## PROMPT
Line by line, print the records exactly, and keep images out of the copy.

## DATASET ENTRIES
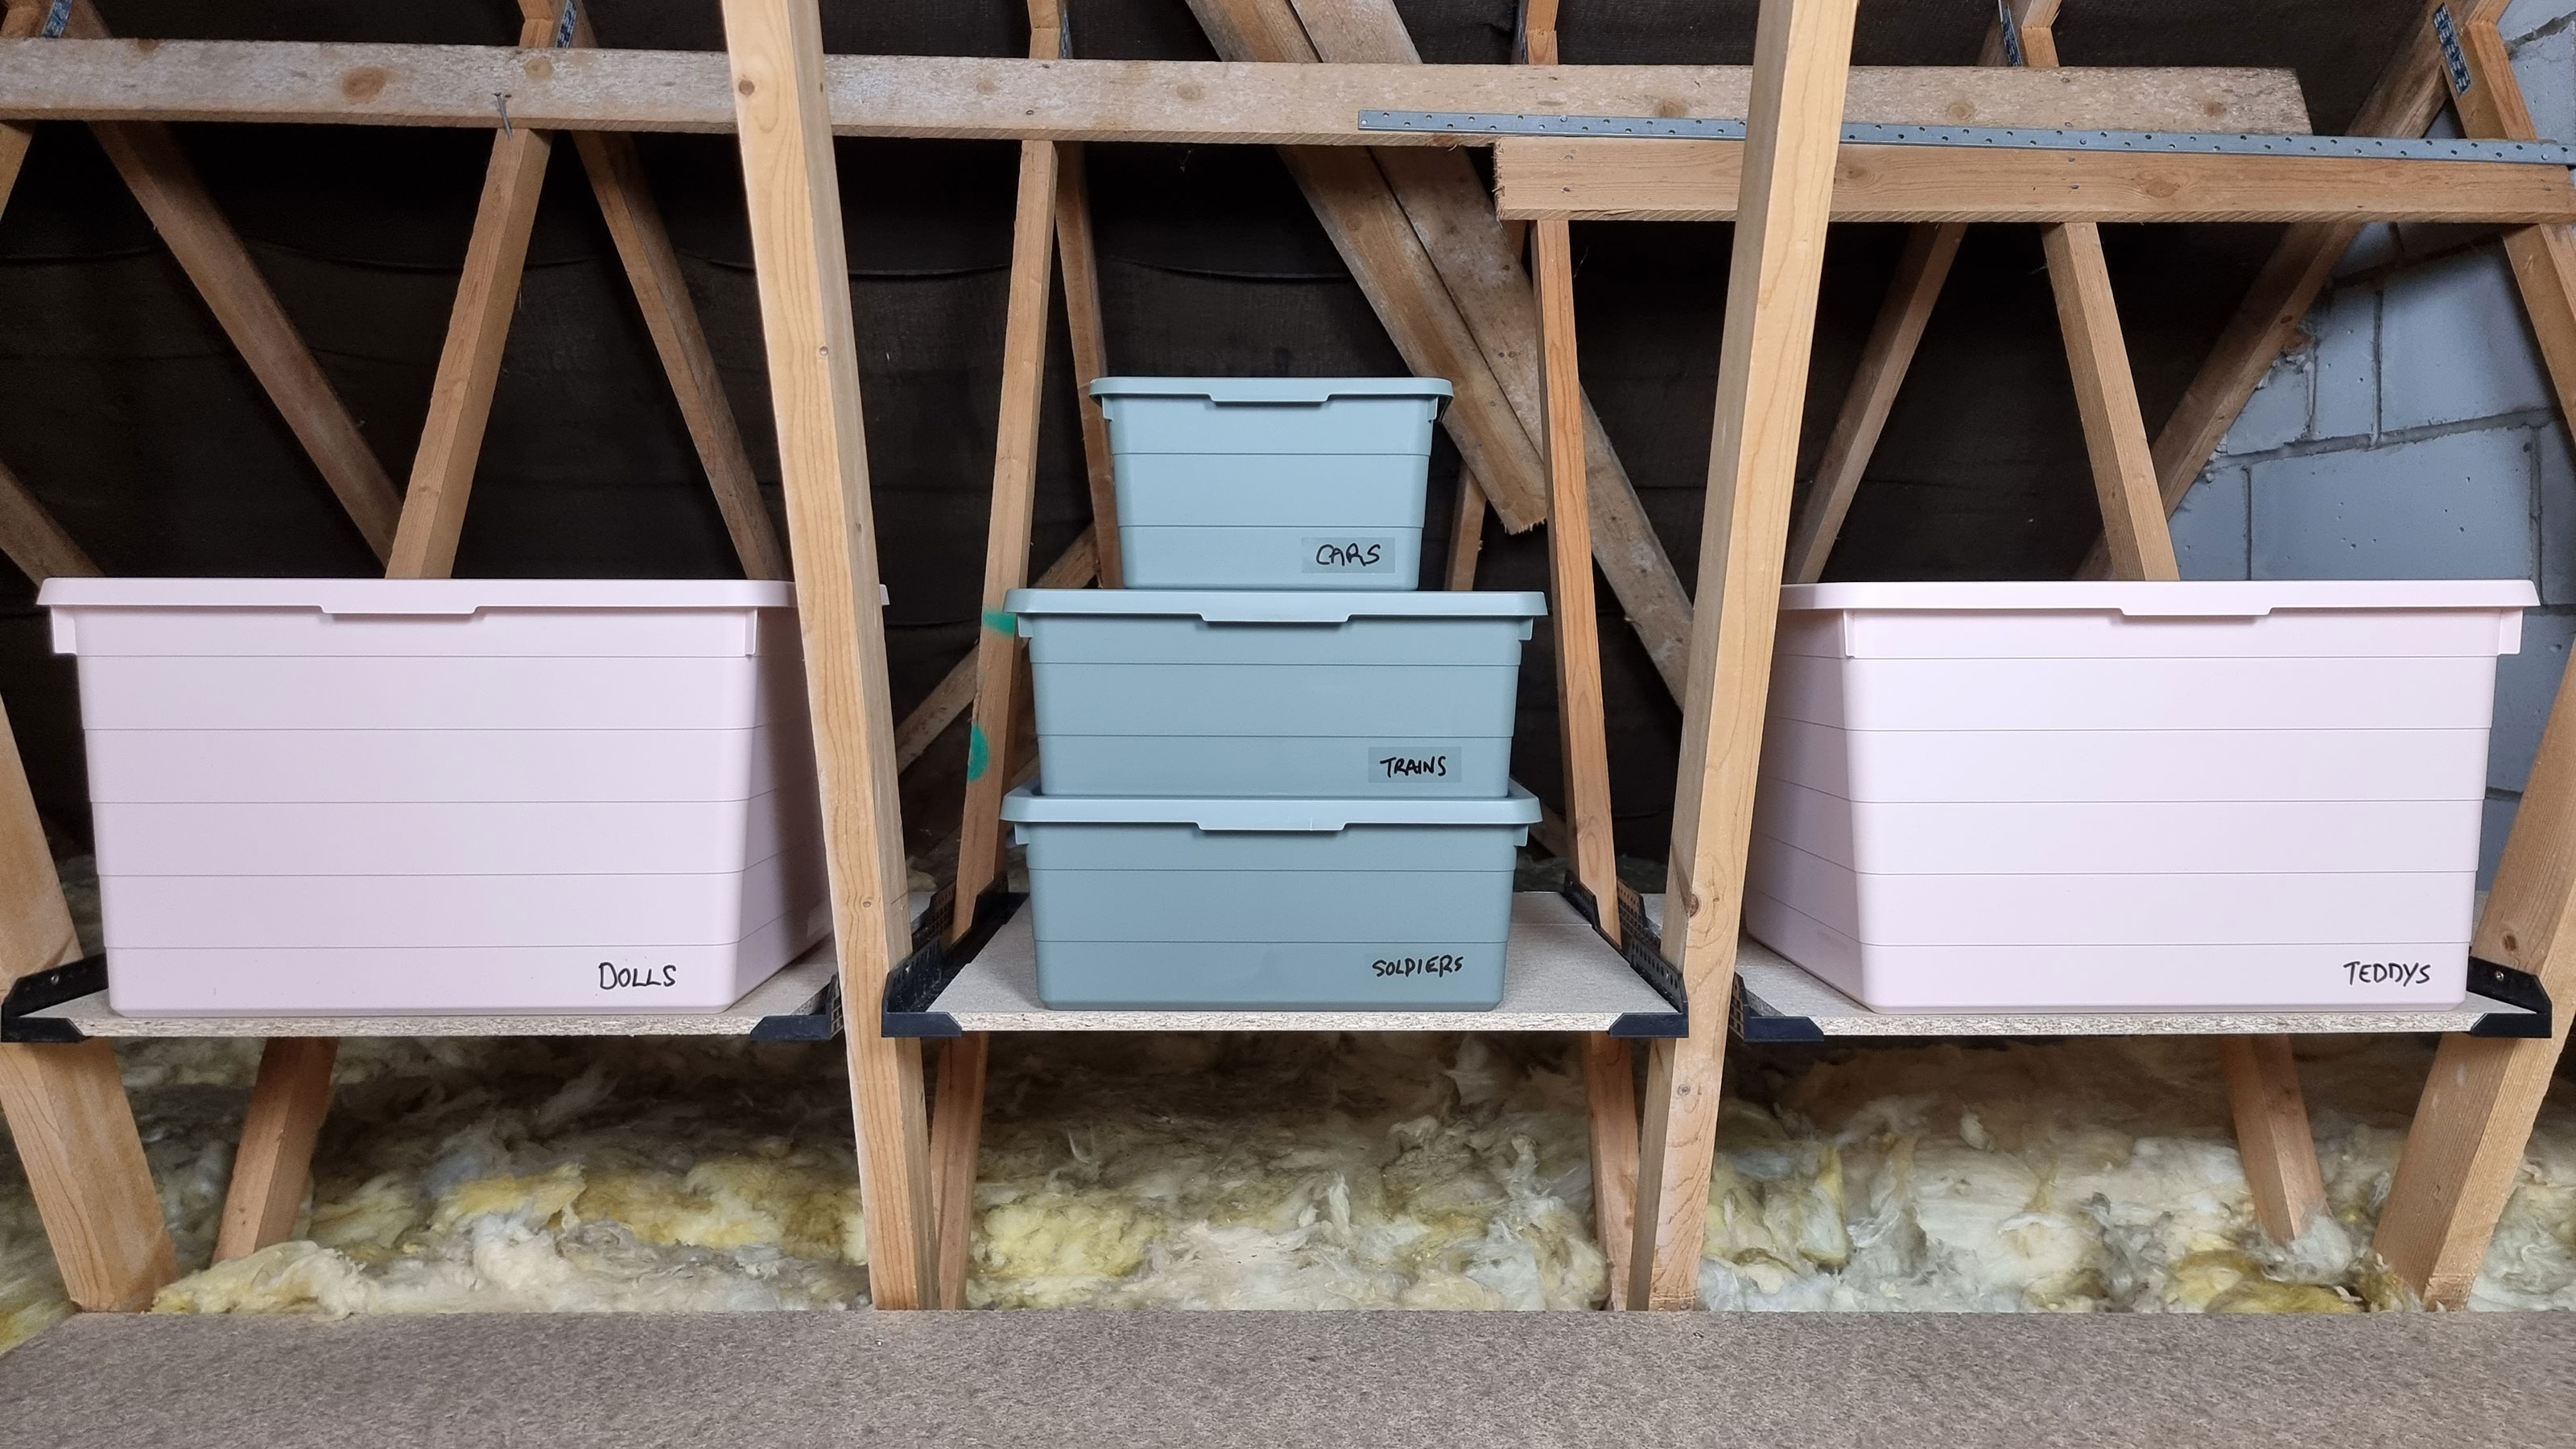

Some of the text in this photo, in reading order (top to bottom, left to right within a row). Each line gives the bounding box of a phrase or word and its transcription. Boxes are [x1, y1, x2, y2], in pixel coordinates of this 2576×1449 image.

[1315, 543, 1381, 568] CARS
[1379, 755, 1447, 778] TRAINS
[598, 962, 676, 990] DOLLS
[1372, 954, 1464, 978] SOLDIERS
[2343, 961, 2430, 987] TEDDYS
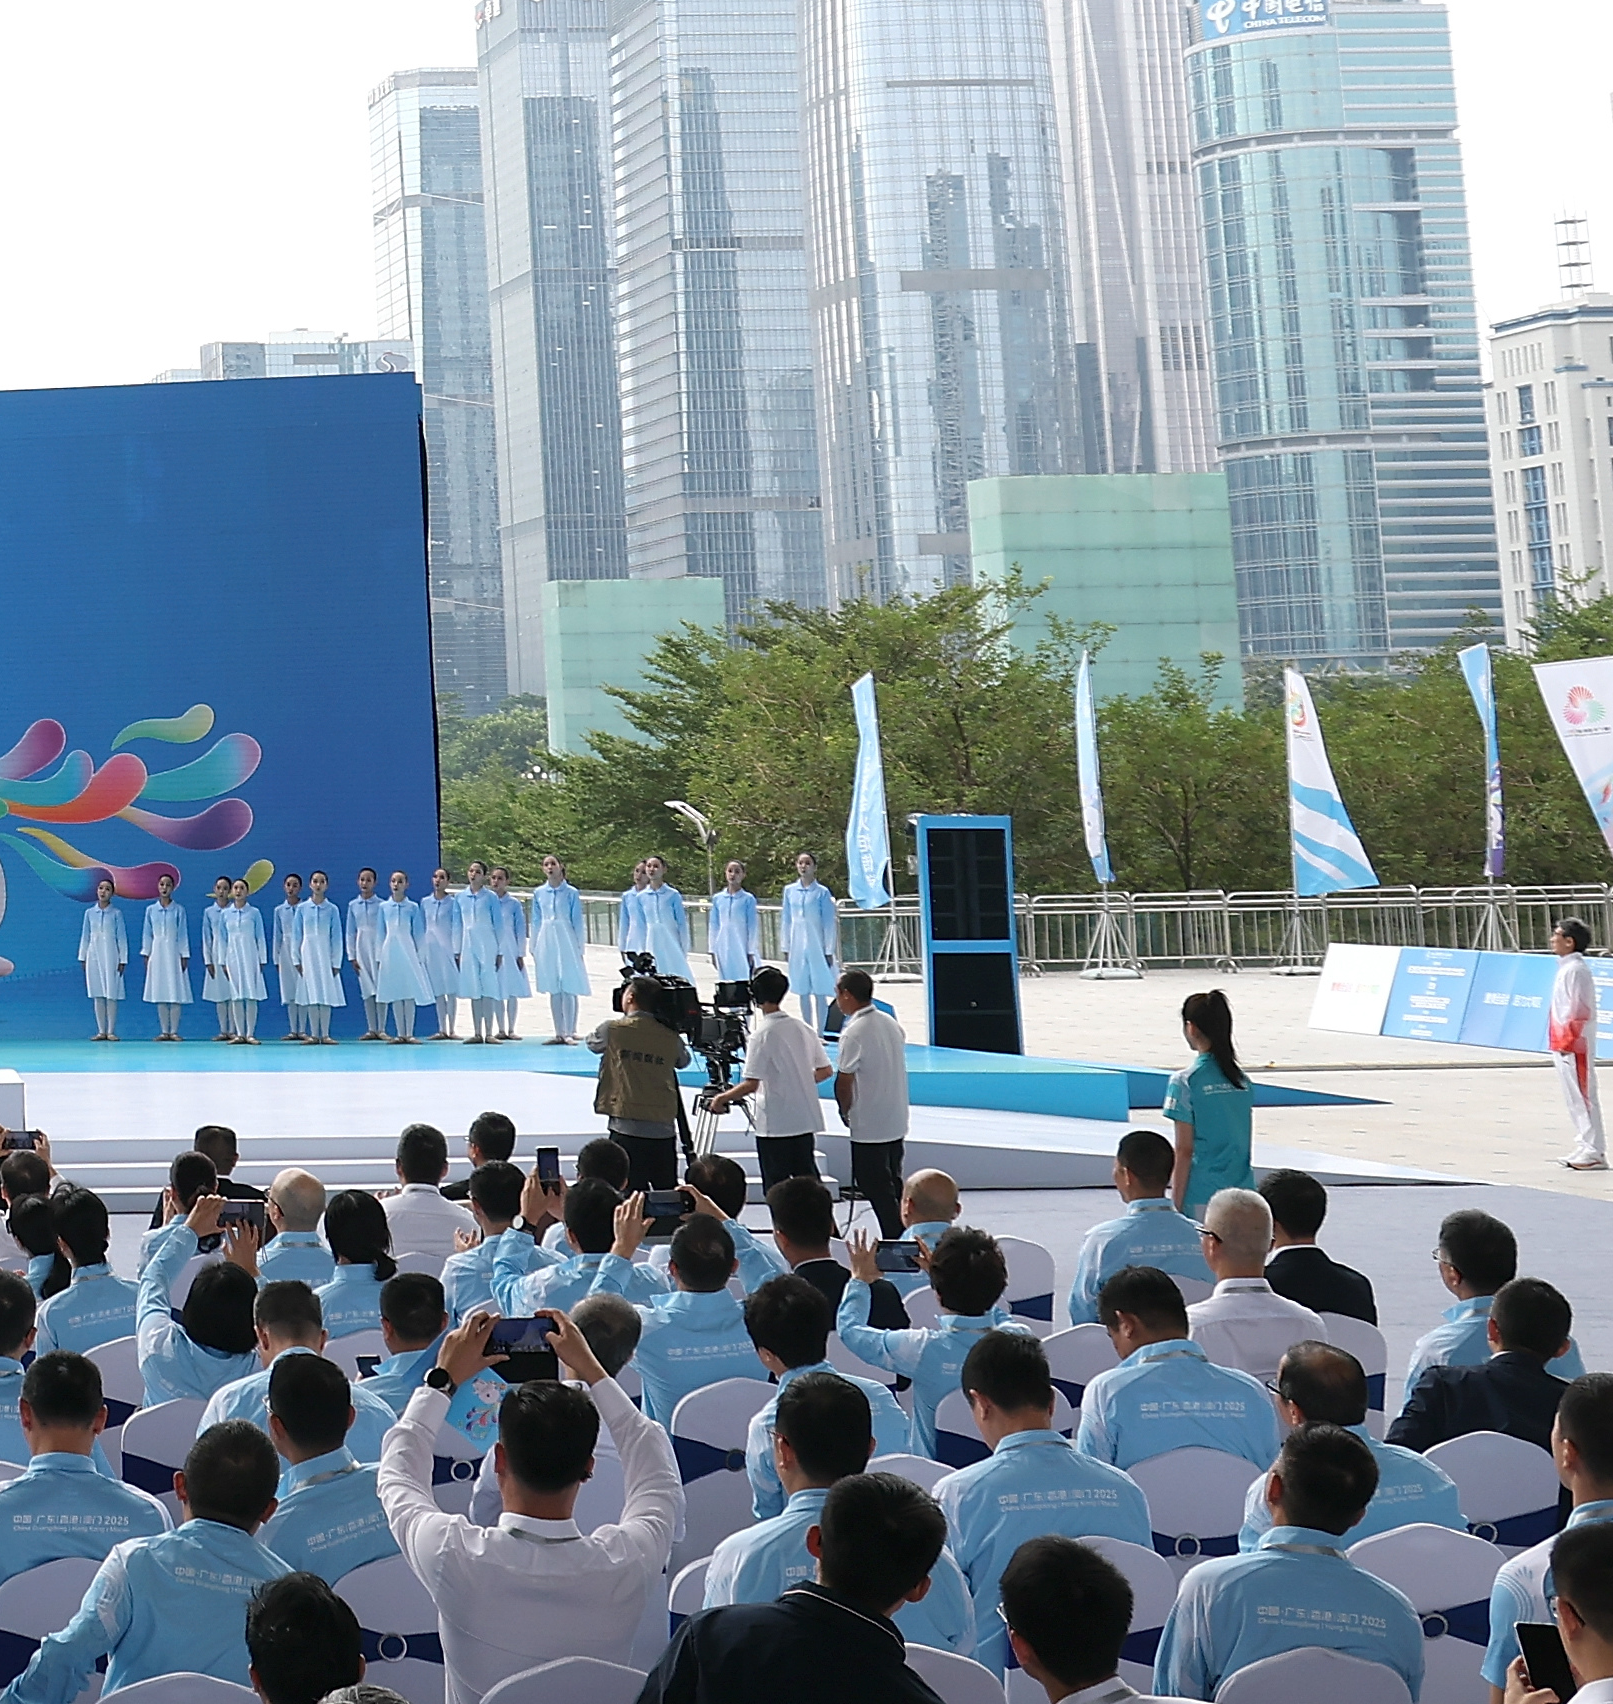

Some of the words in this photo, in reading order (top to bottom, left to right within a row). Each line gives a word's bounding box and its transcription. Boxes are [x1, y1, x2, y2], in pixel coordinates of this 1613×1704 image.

## REPLY
Some of the text in this photo, in reading order (top to bottom, left to right within a row). Each line gives the bounding box of a phrase or word and its transcription. Boxes are [x1, y1, x2, y2], in pixel coordinates of this 2576×1449 image.

[1315, 543, 1381, 568] CARS
[1379, 755, 1447, 778] TRAINS
[598, 962, 676, 990] DOLLS
[1372, 954, 1464, 978] SOLDIERS
[2343, 961, 2430, 987] TEDDYS

Some of the words in this photo, in reading order (top to bottom, left to right within a row). Each line gives a word's bounding box and its transcription. Boxes are [x1, y1, x2, y2], in pixel coordinates of this 1613×1704 image.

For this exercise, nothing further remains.